可是,却偏偏出现在年仅十四岁的龙岚眼中.
因为,他,比任何人都要寂寞……
那天,是中原大地的中秋佳节,举城每一户人家\每一处地方,都正在赏月\吃月饼,沉浸在佳节的氛围之中.
只有一张脸中没有陶醉!
那是一张消瘦而又不净的脸!
这少年正抱膝坐于春风楼后院的一寂寞角落,为节日准备的灯笼映照他那孤单的身子,小小的影儿投到地上像是洒满遍地伶仃……
他坐着的地方,距离每个人都异常遥远.他的心,亦同样遥远.
尘世间的种种欢乐,均与他无缘.
所以,当蓝雅与春风楼其他姐妹兴高采烈地经过那个角落时,她还是一眼便看见了这个少年,也一眼看透了他心中的寂寞.
那少年仍然坐在角落里低头沉思,也不知道在思索些什么,他斗然瞥见一双穿着锦绣布鞋的小脚踏了过来,翘首一望,原来是一名容貌清秀的妙龄女子.
这名女子便是春风楼当红头牌——蓝雅.
她,其实也很寂寞,她的寂寞是世上许多人都无法了解的,因为在她的生命中缺少了许多本该属于她的东西,然而,老天又给予了她不该得到东西.
她每日面对那些臭男人们只能强颜欢笑,一觉醒来梳洗时,谁又知道她曾掩面痛哭浓浓的胭脂,早已遮掩了悲伤的痕迹.

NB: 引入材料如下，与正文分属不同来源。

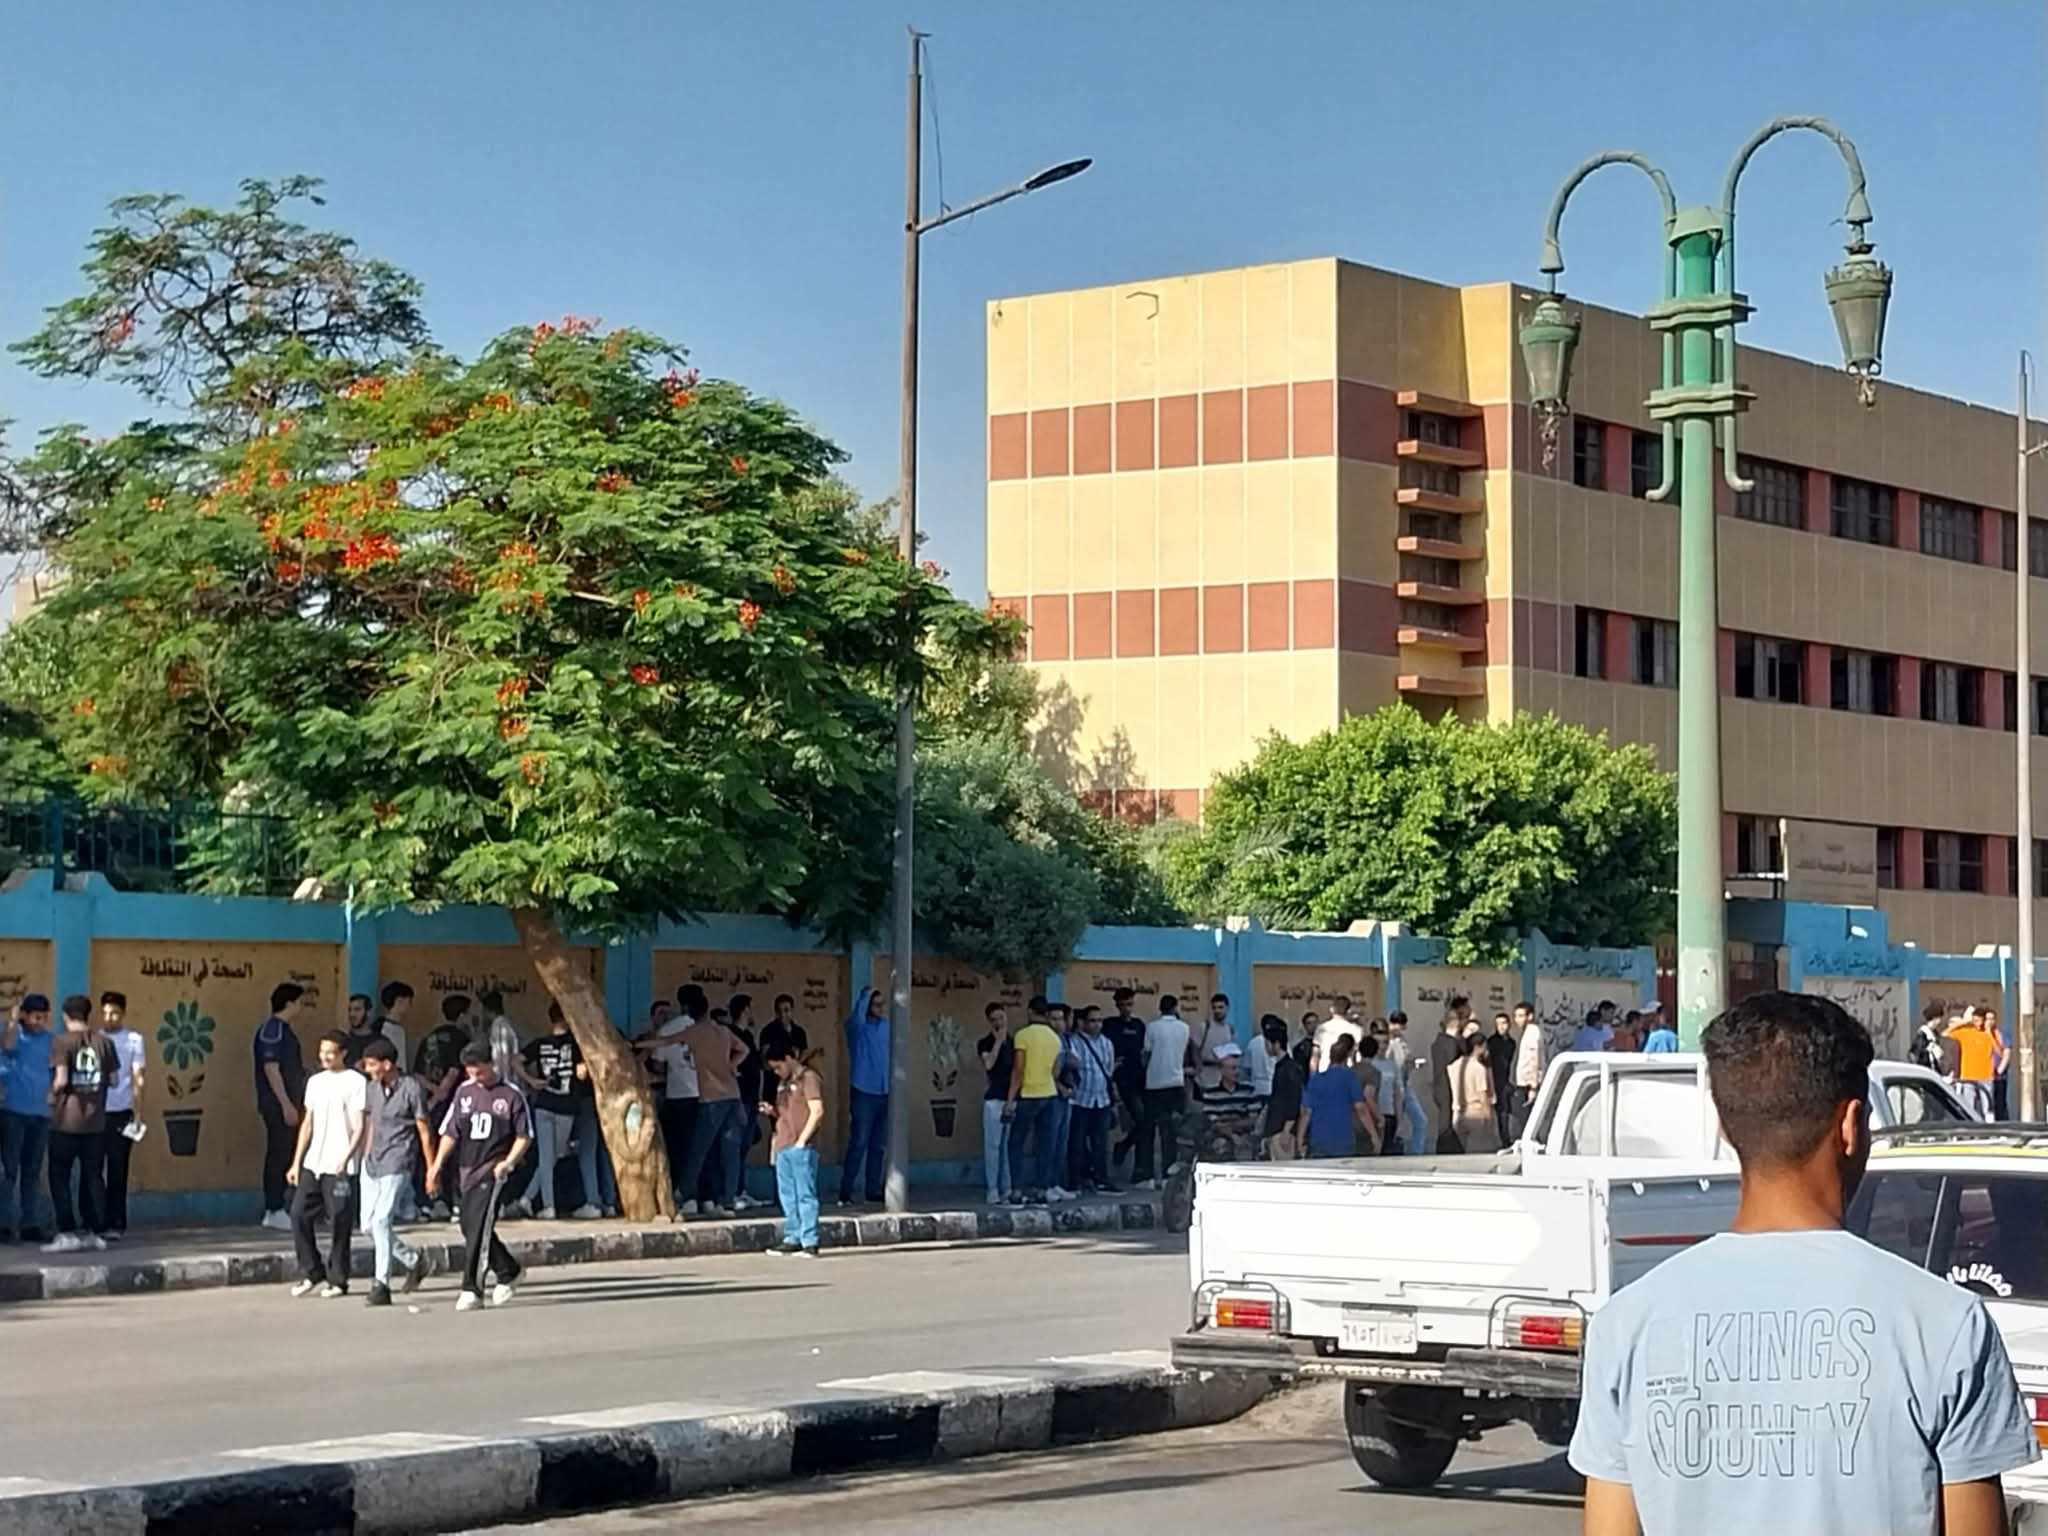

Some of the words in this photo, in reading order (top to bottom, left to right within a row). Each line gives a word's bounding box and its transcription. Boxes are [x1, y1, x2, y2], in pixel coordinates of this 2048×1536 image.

或许正因为如此,她才离开了众多的人群,悄然走近他的面前.
少年缓缓抬头,仅瞟了一眼,似乎对眼前之人毫无兴趣,便低下头继续沉思.
蓝雅温言道:"小弟弟,你叫什么名字"
没有回答.
蓝雅继续问道:"这世上,你可还有亲人"蓝雅其实也知道像他这样一个少年沦落到此处,必是亲人已故或是被亲人抛弃,但她内心还是很想了解这个少年,才有此问.
那少年眼角闪过一股伤感,他仍未做声.
蓝雅拿他没有办法,再问:"你不喜欢说话"
仍没有回答.
蓝雅问:"是不能说话"
那少年猝地举头盯着她,神情异常倔强.
他有一双很冷很冷的眼睛.
就在此刻,原本站在蓝雅旁边的一名丫鬟见少年久不做声,走近蓝雅说道:"他便是我们换作'哑巴'的少年."
"哦"
"他就是你们经常取笑的人"
她经常在春风楼听到许多无聊的话题,其中就有那个被称之为'哑巴'的人,说他不应是哑巴却曾未见他开口说话\说他不是正常的人,到他这个年龄段每天见到春风楼如此众多的勾魂女子表情却如死人一般平静\说他是春风楼最下等的仆役,干的活全是最苦最累的,却从未听他抱怨过一声的不快……
他,就是整个春风楼里最下等的人吗今日总算瞧见了.
这个少年粗眉深目,轮廓毫无半点同龄人应有的气质,个子更比同龄人高大,虽然无人理睬照顾却不忧悒,反之更流露一股异于常人的不群气度.
正因这股气度,使他看有像是山中朦胧的雾气,可望而不可及.
他的心,或许也如雾一般飘渺,不可捉摸.
雾,谁又能握
纵然他此时身披一袭破旧粗衣,亦难掩眉宇间的独特,他是一个异于常人的独特少年.
蓝雅似乎想到了什么,对身旁的丫鬟连忙呼道:"小静,把我屋里的那盒月饼拿过来."
那个叫"小静"的丫鬟,迟钝了一下,道:"小姐你该不会将李大少送你的那盒名贵月饼施舍这个哑巴吧"
蓝雅深意道:"小!静!我和你都是从小双亲离去,无依无靠,才流落到此处卖笑谋生,我们各自的悲楚只有自己才知晓,但我看得见他内心的寂寞!"
小静没有想到平日里随和少语的小姐会如此认真,轻声道:"小姐,我知你心意."说罢,便朝蓝雅房间那方跑去.
同时,蓝雅眼光扫向少年处,令人奇怪的是,他已站立起来挺直了身躯,正朝他那间住所——破烂的柴房,缓缓走去.
蓝雅马上小跑到少年的面前,同自己的身躯挡住了他前进的方向.
少年也停住了脚步,他用好奇的眼光盯着这个突然跑出来挡住自己路的女子,这个女子容貌虽算不上倾国倾城,但也婉约可人非比一般绝色,加之一双灵动的大眼睛,仿佛让眼前的世间也柔了几分.
因为少年与她同样高,她能更好的观察他的任何表情变化。
蓝雅定神注视少年少年那双眼睛,她想看进他的心里,她想知道,这个少年的心里除了寂寞,还有些什么东西?
可是,他只看见冷,无边的冷。
蓝雅缓缓道:“你有伤,世上之人谁又何尝没被伤过?咬咬牙,对自己狠一点,转眼间一切都会过去的!”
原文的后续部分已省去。